Different traits were selected depending on whether they were used for hunting, fighting, herding, or even as status symbols, and so a range of dogs with different characteristics evolved.

Many of those characteristics have been exaggerated by continued selective breeding and are most obvious in pedigree dogs seen today.

Rather than being selected for the role they performed which was not dissimilar to natural selection, they began to be selected for their looks which took no account of any impact on their health.

Interbreeding with wild wolves would have been common which can make tracing the evolution of dogs difficult.

Dachshunds were selected for small size and short legs so that they could follow prey such as foxes and badgers into burrows.

Great Danes were selected for large size and strength for hunting and fighting.

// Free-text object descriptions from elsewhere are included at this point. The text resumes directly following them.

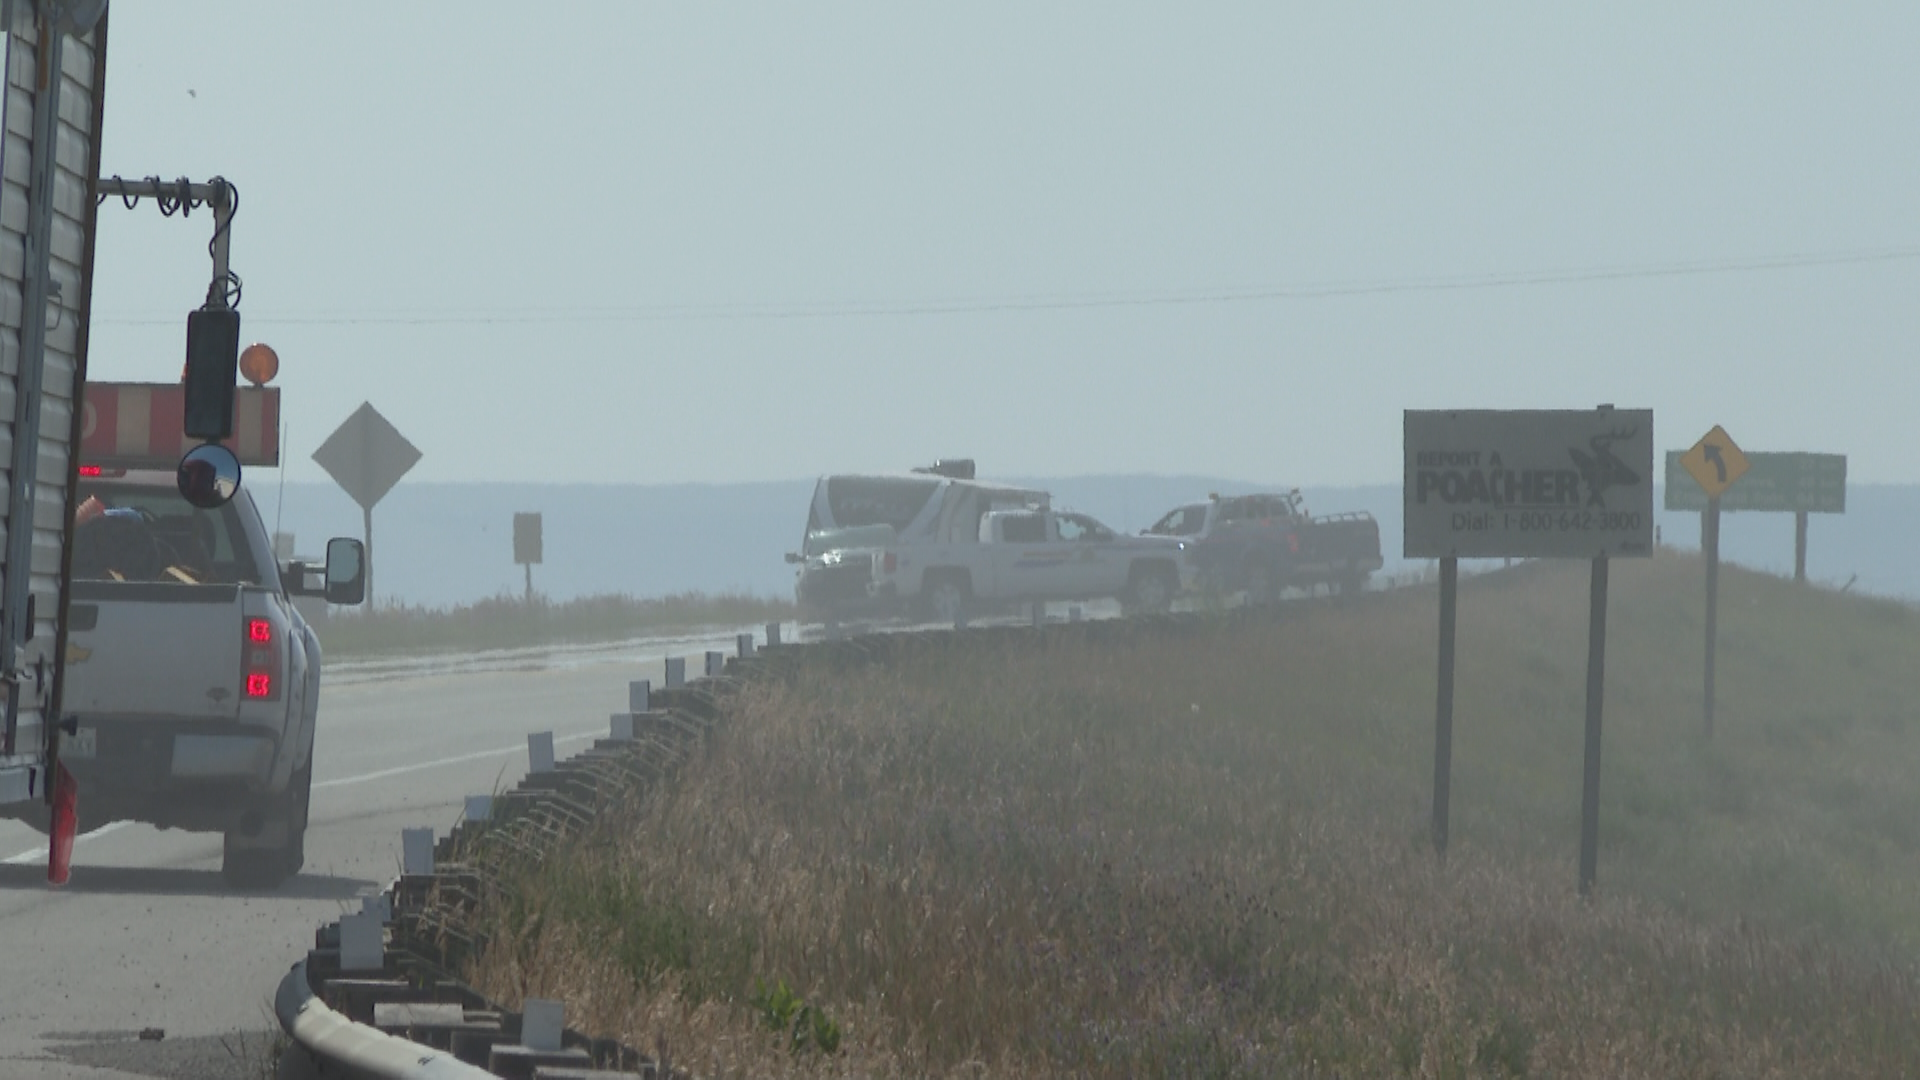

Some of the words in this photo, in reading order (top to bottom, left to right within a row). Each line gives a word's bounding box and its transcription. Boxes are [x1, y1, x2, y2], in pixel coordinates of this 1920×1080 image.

[1417, 451, 1481, 466] REPORT
[1489, 451, 1502, 466] A
[1416, 469, 1580, 507] POACHER
[1452, 512, 1494, 530] Dial:
[1503, 512, 1641, 531] 1-800-642-3800

The breeding of pedigree dogs is restricted to the descendants of dogs that were registered by the Kennel Club in 18. 3 after the different types or breeds of dog had been developed by breeders and the standard characteristics of each breed identified.

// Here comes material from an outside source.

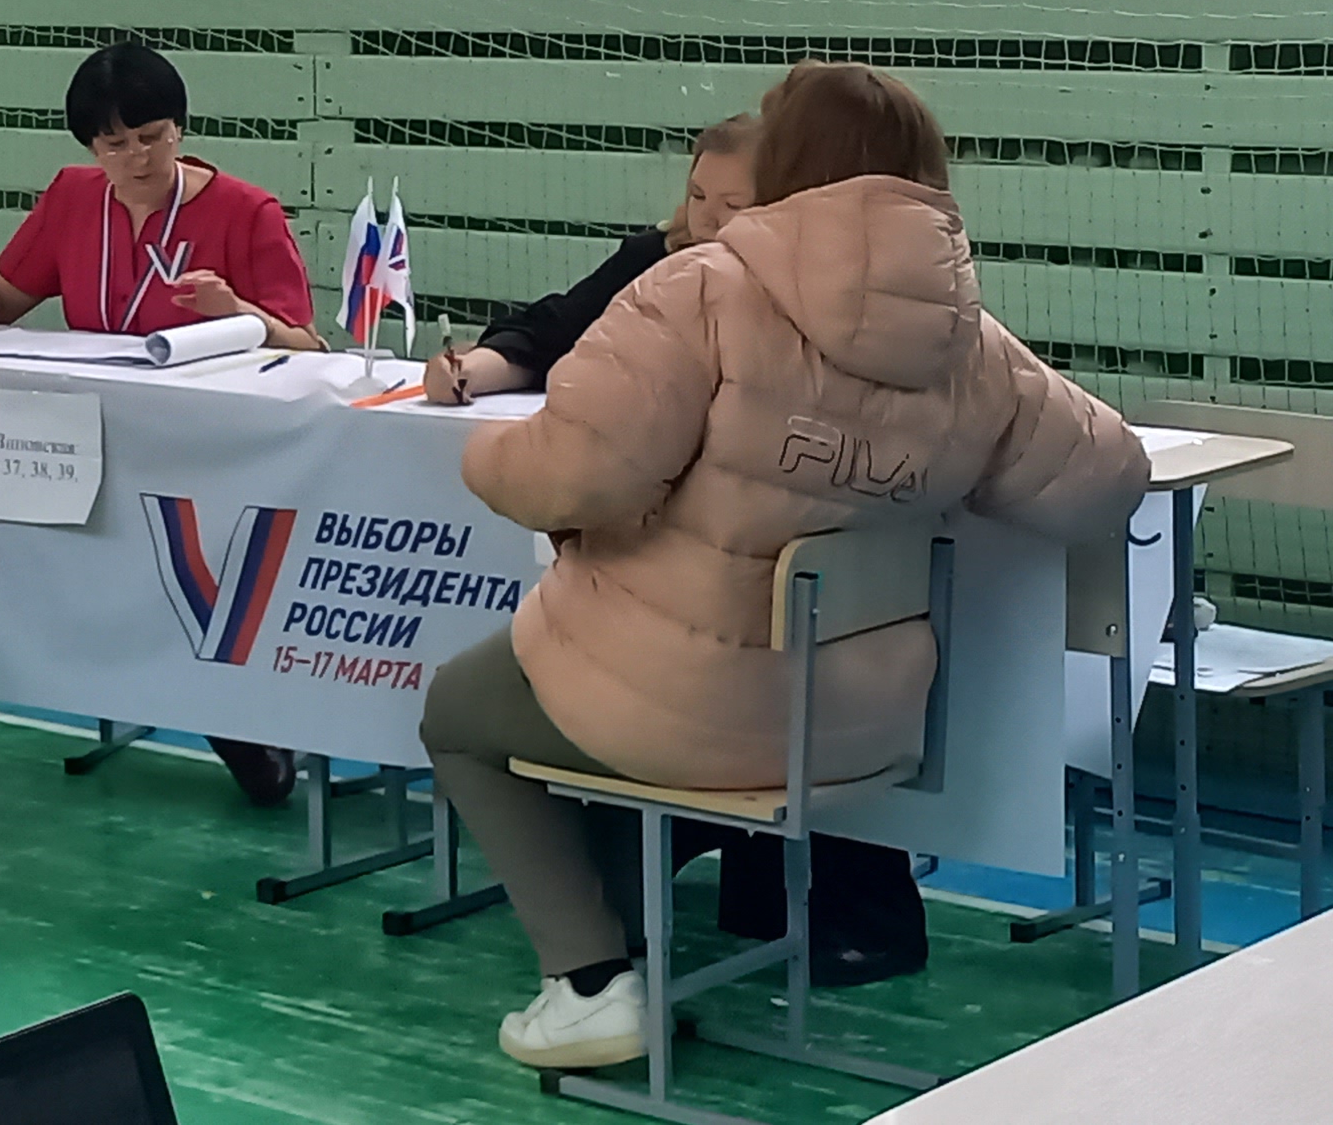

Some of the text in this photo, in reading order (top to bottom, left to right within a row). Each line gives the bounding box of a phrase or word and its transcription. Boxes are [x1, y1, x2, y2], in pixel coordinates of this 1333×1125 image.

[315, 512, 472, 557] ВЫБОРЫ
[298, 557, 523, 613] ПРЕЗИДЕНТА
[283, 602, 422, 649] РОССИИ
[334, 658, 424, 691] МАРТА

With the limited gene pool and lack of outbreeding it is inevitable that unwanted traits are selected for also.

  • Big dogs often have hip or heart problems.
  • The skull of the King Charles spaniel is too small to accommodate the brain comfortably leading to pain and discomfort.
  • Bulldogs usually have breathing difficulties due to the shape of their noses.
  • Dachshunds often have back problems and suffer from epilepsy.
  • Diseased dogs have effectively been deliberately interbred.

There are now moves to change some of the breed descriptions to prevent some of the worst examples of this practice.

Selective breeding has been used for centuries in farming to improve the quality and yield of crops and animal produce.